- Born: 1960 (age 65–66)

Education
- Alma mater: Harvard University

Philosophical work
- Era: Contemporary philosophy
- Region: Western philosophy
- School: Analytic philosophy
- Institutions: Boston University City College of New York
- Main interests: History of analytic philosophy, philosophy of logic, philosophy of mathematics, philosophy of language, Immanuel Kant, Ludwig Wittgenstein

= Juliet Floyd =

American philosopher

Juliet Floyd (born 1960) is an American philosopher who is professor of philosophy at Boston University. Her strongest research interests lie in early analytic philosophy (on which she has edited a volume) and she has used early analytic philosophy as a lens to examine a diverse array of topics.

==Education and career==
Floyd received a bachelor's degree in philosophy from Wellesley College in 1982, and went on to study at Harvard University, being awarded a doctorate in philosophy in 1990.
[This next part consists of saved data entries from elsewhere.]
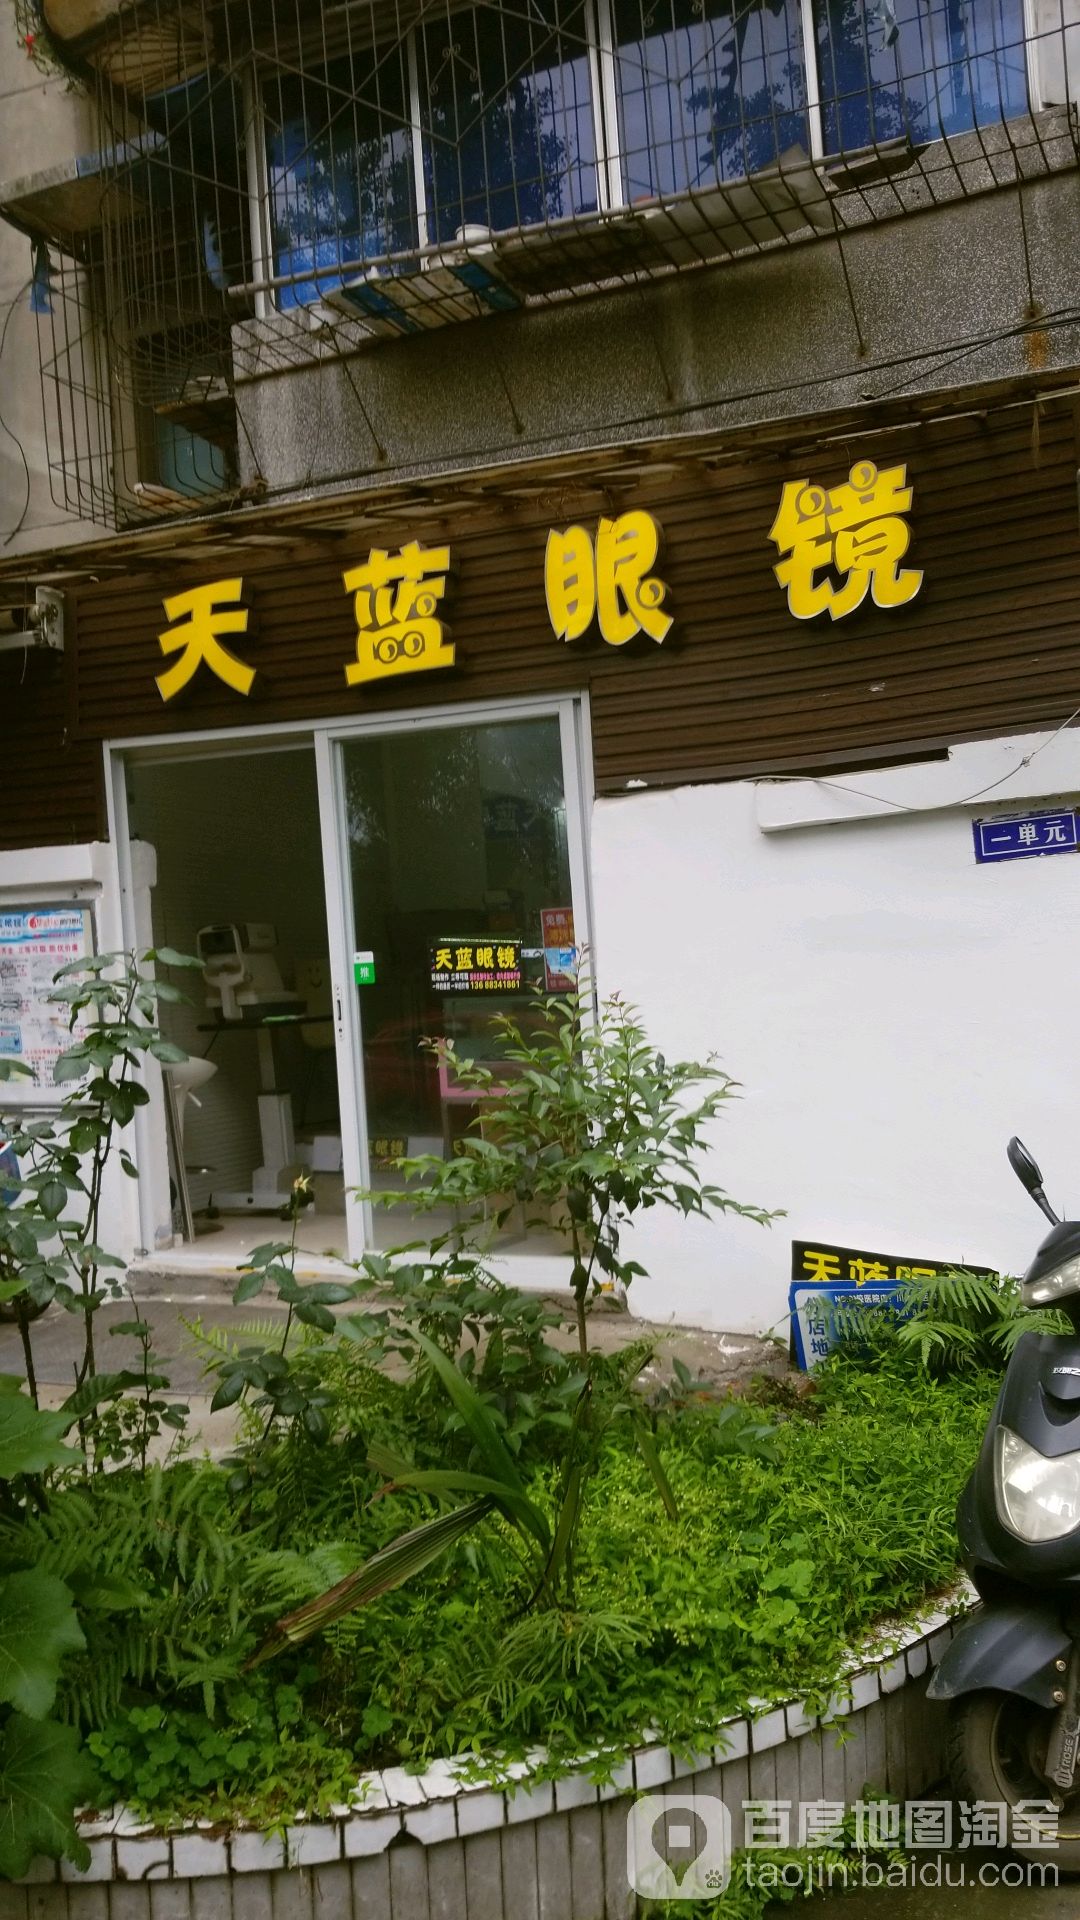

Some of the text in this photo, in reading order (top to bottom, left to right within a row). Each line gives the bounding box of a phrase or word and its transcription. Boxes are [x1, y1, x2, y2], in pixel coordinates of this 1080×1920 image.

[154, 460, 925, 703] 天蓝眼镜
[990, 820, 1067, 846] 一单元
[435, 945, 516, 971] 天蓝眼镜
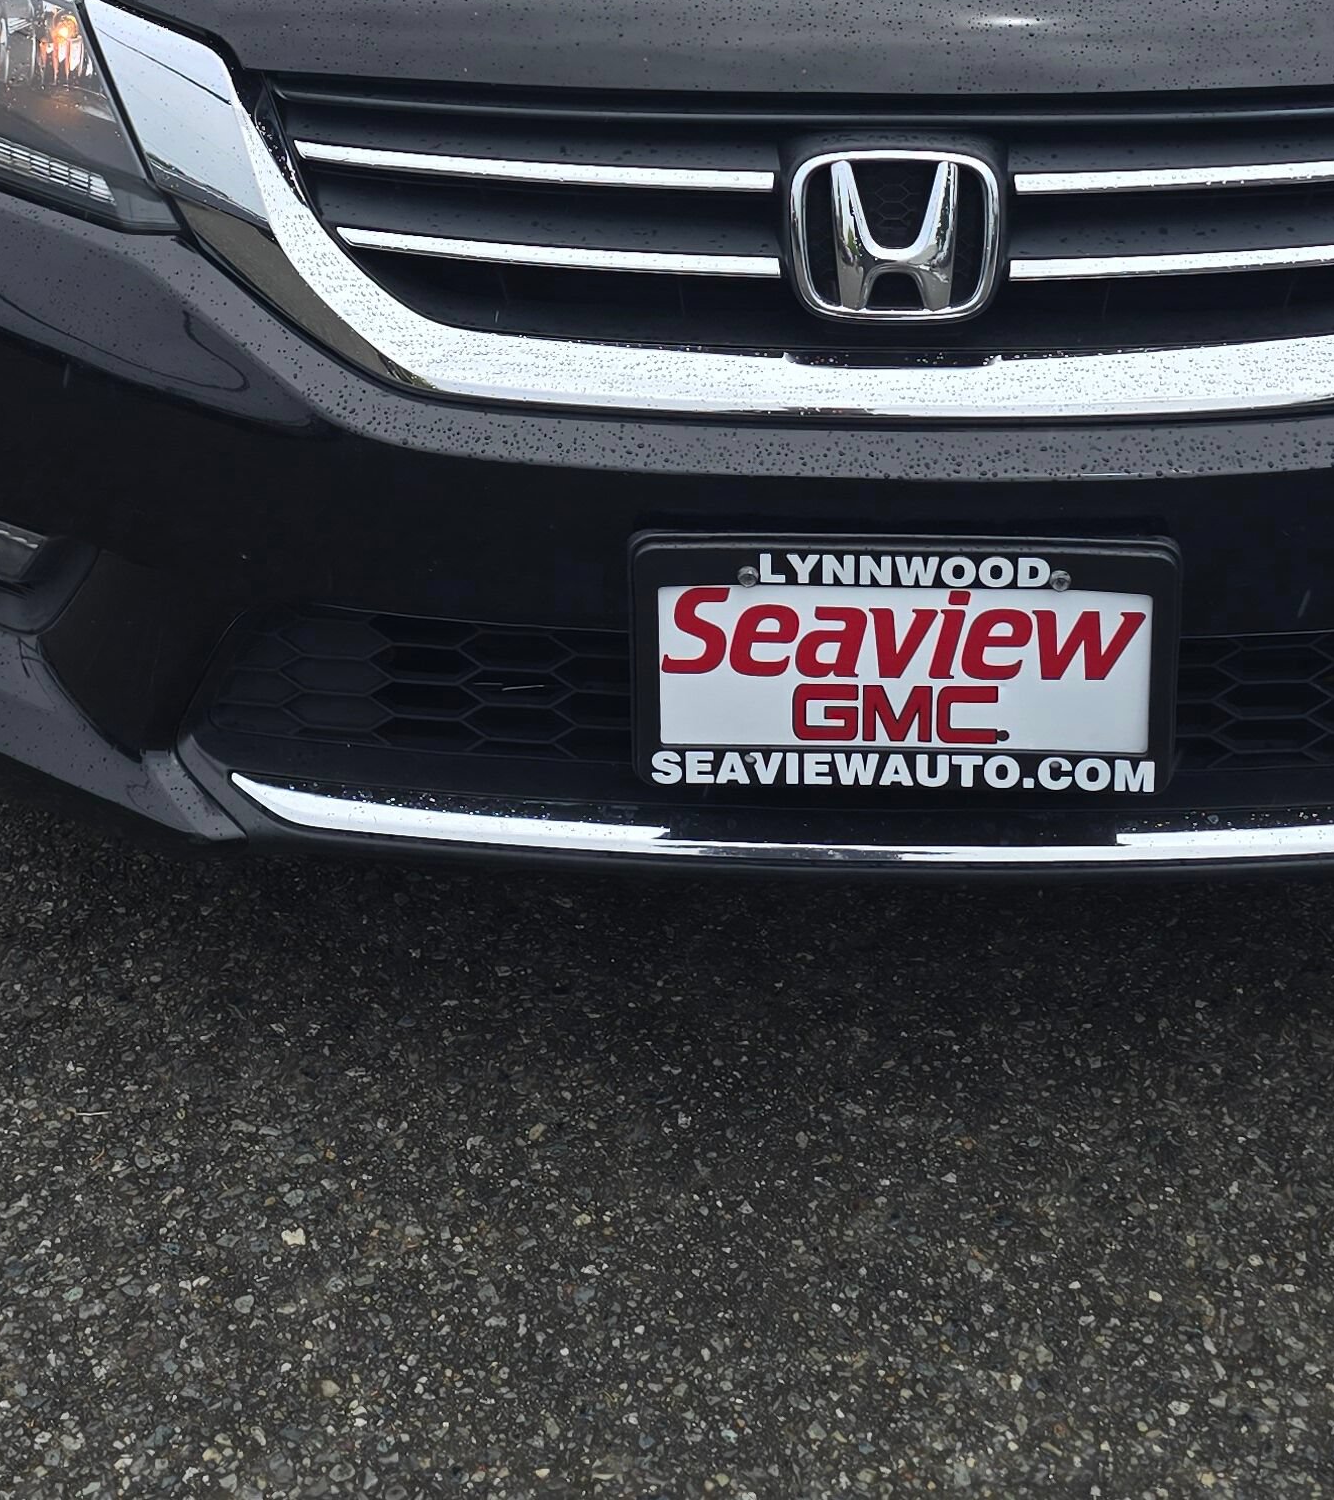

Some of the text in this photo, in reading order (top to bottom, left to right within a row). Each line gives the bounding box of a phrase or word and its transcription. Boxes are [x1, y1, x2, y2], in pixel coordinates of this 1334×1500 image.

[759, 553, 1051, 587] LYNNWOOD
[661, 587, 1147, 681] Seaview
[651, 751, 1156, 793] SEAVIEWAUTO.COM
After receiving her doctorate, Floyd accepted an appointment as assistant professor of philosophy at the City College of New York. She spent a term as a visiting assistant professor of philosophy at Boston University in 1995 before accepting a permanent associate professorship of philosophy there in 1996. In 2003 she received cross-appointments in the Institute of Editorial Studies, the Institute for the Philosophy of Religion, and the Department of Philosophy. She was promoted to full professor of philosophy in 2006. Floyd has also spent time as a visiting professor of philosophy at the University of Vienna, Pantheon-Sorbonne University, and the Michel de Montaigne University Bordeaux 3.
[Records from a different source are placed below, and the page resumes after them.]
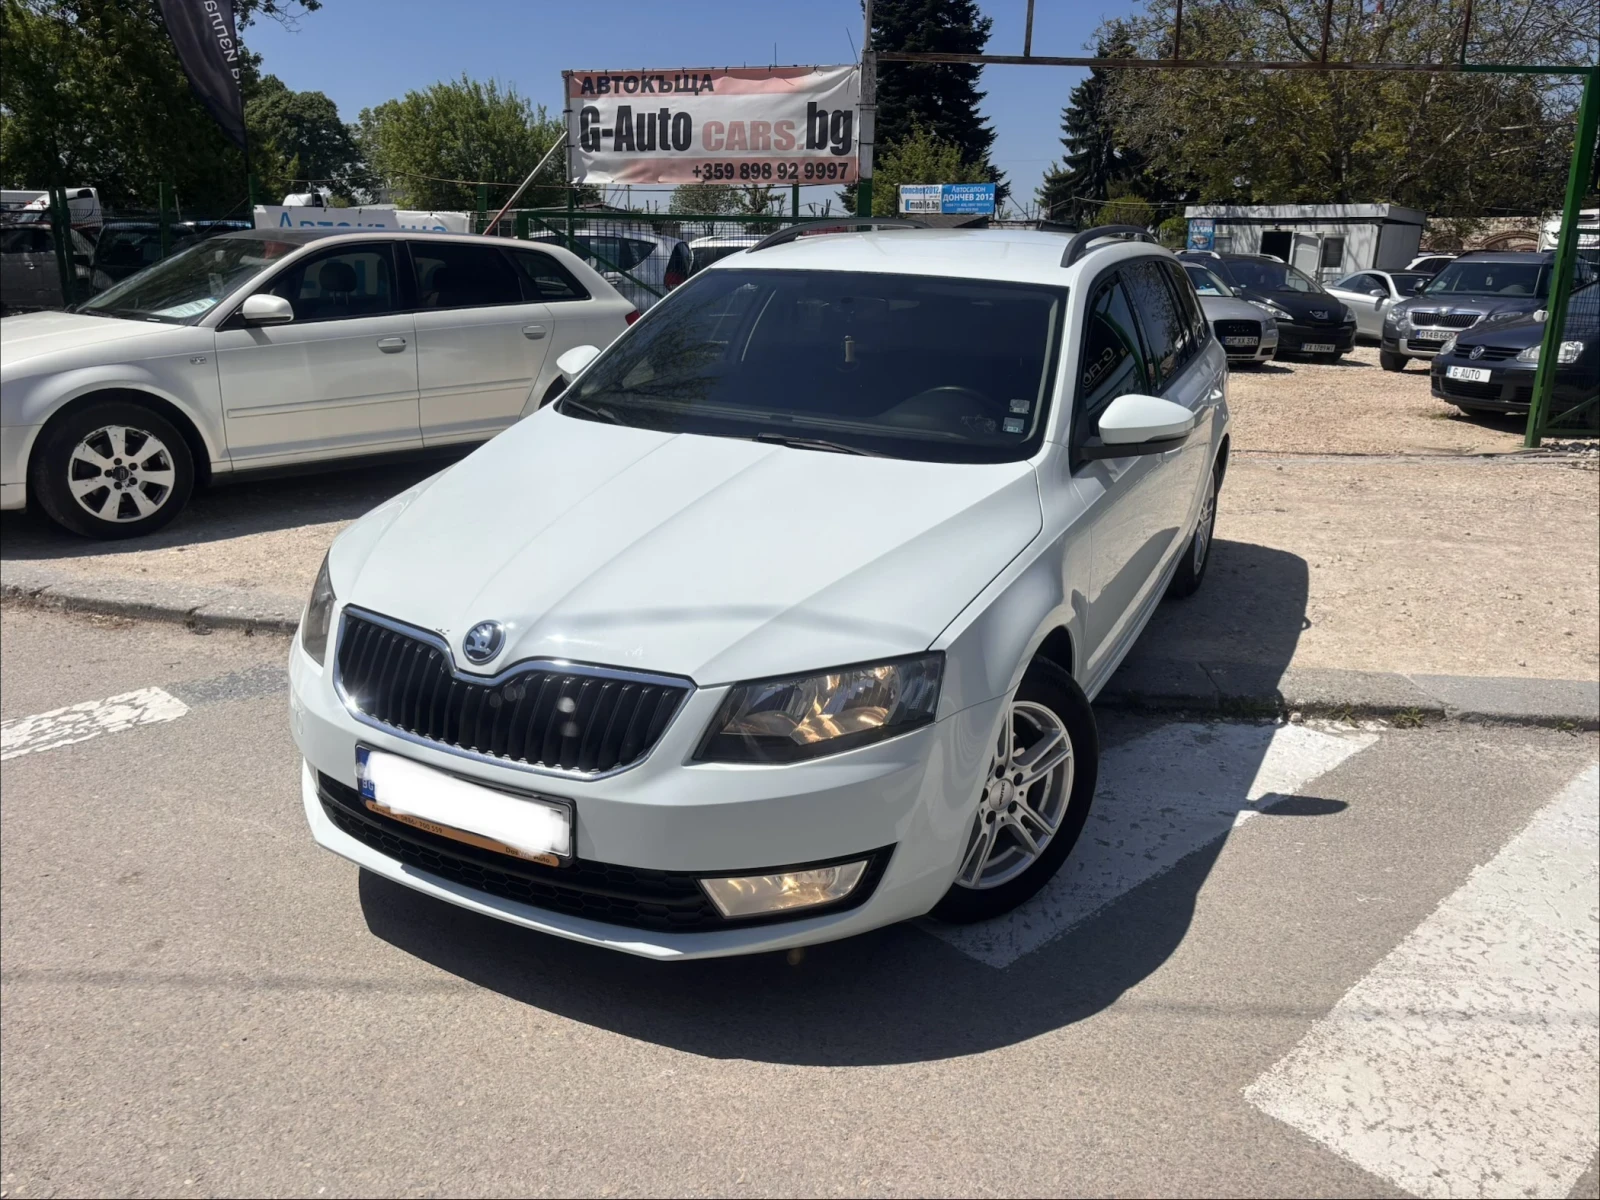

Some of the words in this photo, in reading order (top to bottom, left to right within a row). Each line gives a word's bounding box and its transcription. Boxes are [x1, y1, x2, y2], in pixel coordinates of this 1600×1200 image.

[581, 75, 714, 95] АВТОКЪЩА
[579, 105, 692, 152] G-Auto
[692, 164, 735, 180] +359
[739, 163, 772, 180] 898
[779, 163, 799, 180] 92
[804, 162, 849, 179] 9997
[943, 194, 974, 202] ДОНЧЕВ
[975, 193, 994, 201] 2012
Floyd became an associate senior editor of the Stanford Encyclopedia of Philosophy on topics related to 20th-century philosophy in 2012, joined the editorial board (for topics related to early analytic philosophy) of the Archiv für Geschichte der Philosophie in 2011, and became an associate editor of the Journal for the History of Early Analytical Philosophy in 2011. She also served on the editorial board of the Nordic Wittgenstein Review from 2011 to 2013 and on the editorial board (for topics related to early analytic philosophy) of the Journal of the History of Philosophy from 2008 to 2010.

Floyd was a fellow of the Lichtenberg-Kolleg Institute of Advanced Study, Georg August Universität, Göttingen, in 2009–2010, and received a Berlin Prize Fellowship from the American Academy in Berlin in 2008 and a Fulbright Senior Research Award in 2003–04.

==Research areas==
Floyd's research has generally centered around 20th-century philosophy, especially the early development of analytic philosophy. Significant focuses of her research have included comparative analyses of differing accounts of the nature of objectivity and reason, issues of rule-following and skepticism, as well as the limitations of formal logic, analysis, and mathematics. She has written on the ideas of Ludwig Wittgenstein and Immanuel Kant, and has made forays into philosophy of logic, philosophy of mathematics, and philosophy of language.
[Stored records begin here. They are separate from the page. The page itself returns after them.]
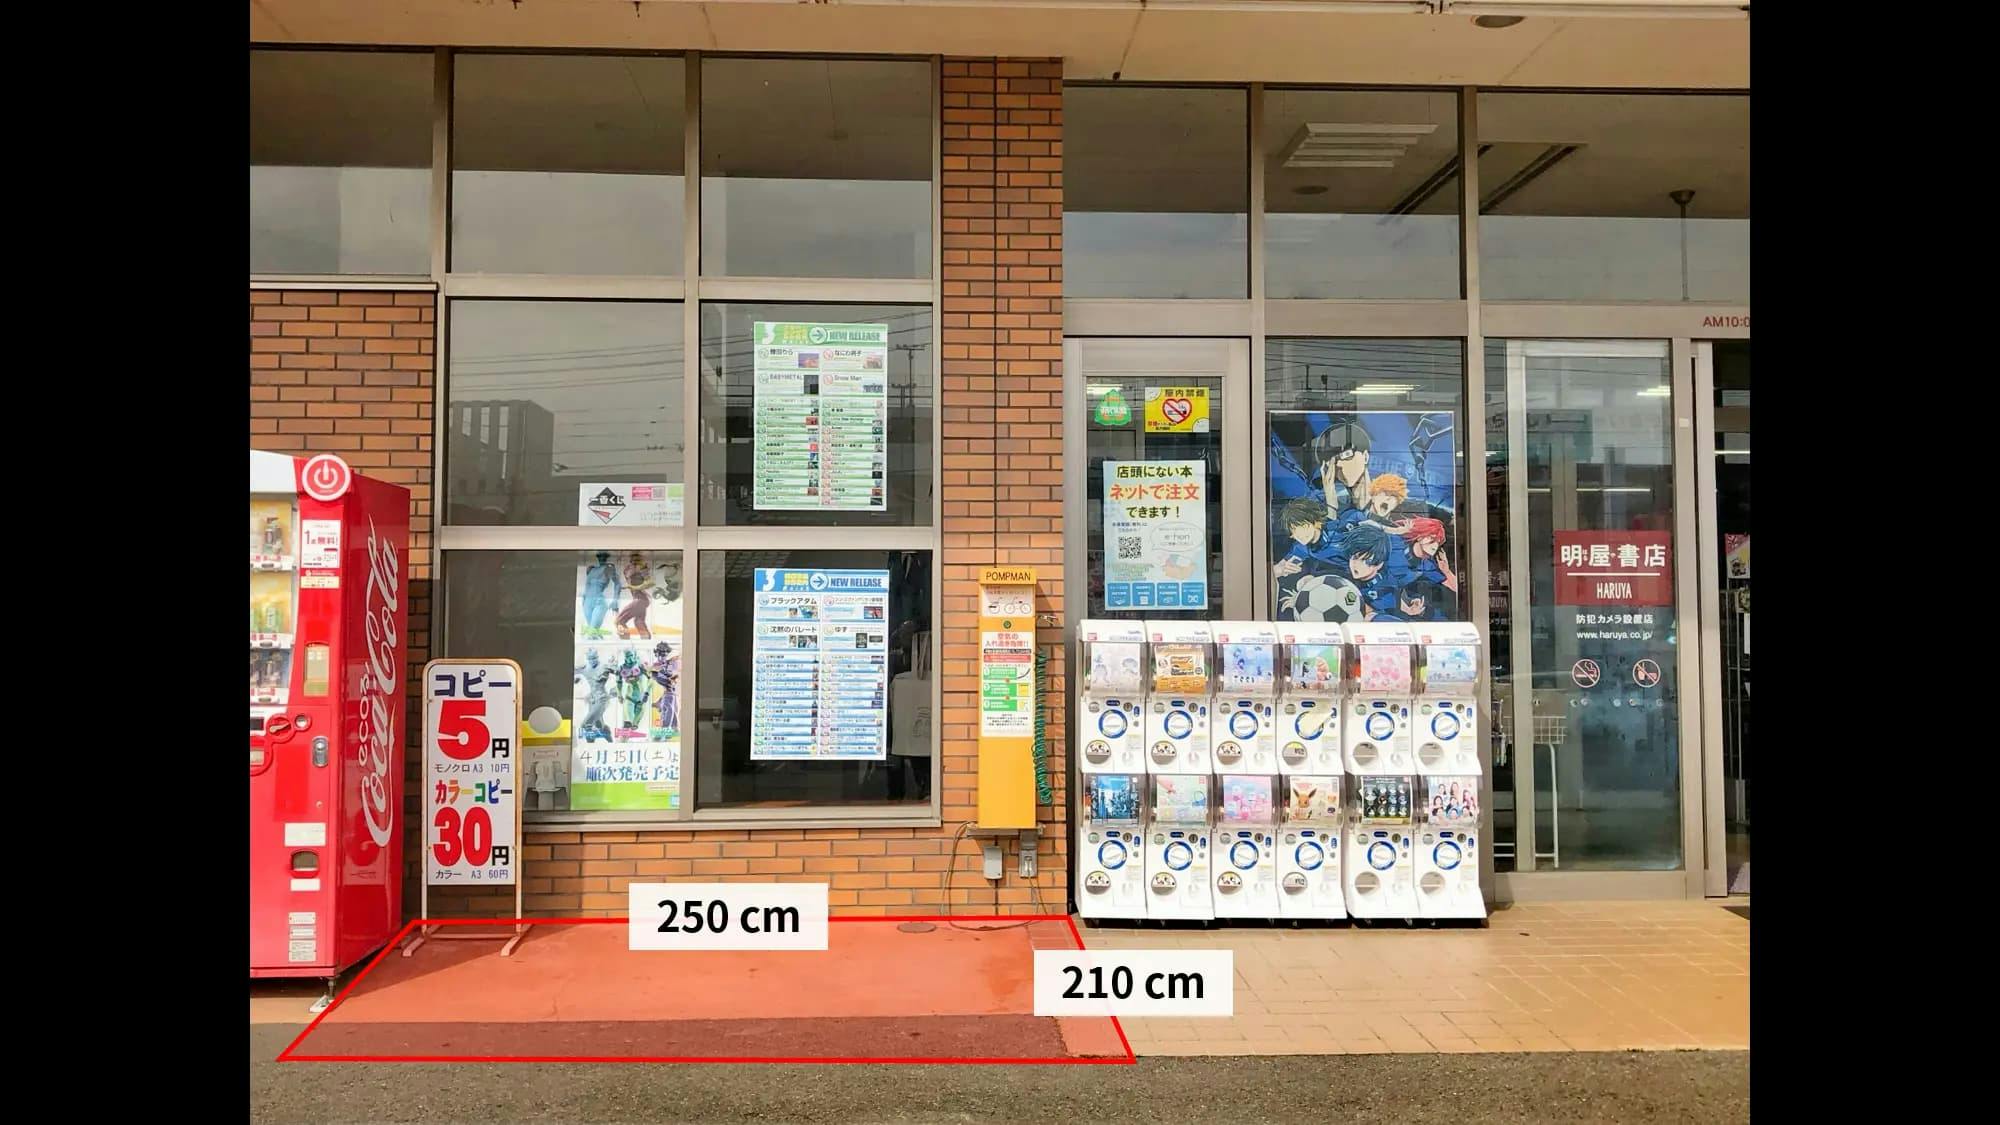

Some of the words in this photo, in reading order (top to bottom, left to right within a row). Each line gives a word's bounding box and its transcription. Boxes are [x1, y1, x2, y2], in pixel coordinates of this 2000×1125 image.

[829, 330, 848, 341] NEW
[1117, 465, 1193, 479] 店頭にない本
[1110, 484, 1200, 500] ネットで注文
[1126, 506, 1180, 518] できます！
[1561, 544, 1666, 568] 明屋書店
[830, 577, 850, 588] NEW
[850, 577, 882, 588] RELEASE
[985, 572, 1031, 581] POMPMAN
[1596, 582, 1632, 599] HARUYA
[1576, 614, 1654, 625] 防犯カメラ設置店
[434, 669, 512, 698] コピー
[435, 763, 470, 774] モノクロ
[472, 763, 484, 774] A3
[490, 763, 510, 774] 10円
[586, 765, 679, 782] 順次発売予定
[435, 779, 513, 804] カラーコピー
[435, 870, 462, 879] カラー
[471, 870, 482, 879] A3
[488, 870, 509, 879] 60円
Floyd (in conjunction with Hilary Putnam) has suggested a novel reading of Wittgenstein's "notorious paragraph" in Remarks on the Foundations of Mathematics dealing with Kurt Gödel's first incompleteness theorem, positing that Wittgenstein's understanding of the meaning of Gödel's first theorem was far greater than has been commonly believed, although this reading has been criticized. Floyd and Putnam have also more generally defended Wittgenstein's Remarks as demonstrating significantly greater understanding of mathematics than he is generally credited with.

==Publications==
Floyd has written many peer-reviewed papers, and has served as editor for several series, primarily about analytic philosophy. She has served as the editor of one volume, Future Pasts: The Analytic Tradition in Twentieth Century Philosophy, a collection of essays related to Burton Dreben's belief that analytic philosophy was a failed effort to bring to philosophy the level of clarity offered by science, and his further belief that it was most important because of its failure to do so. In 2013 she was working on a manuscript that explores the significance of the interactions between Wittgenstein, Gödel, and Alan Turing, and was co-editing a volume of essays on Turing's philosophical importance. In 2022, she wrote a book titled Wittgenstein's Philosophy of Mathematics, about Ludwig Wittgenstein.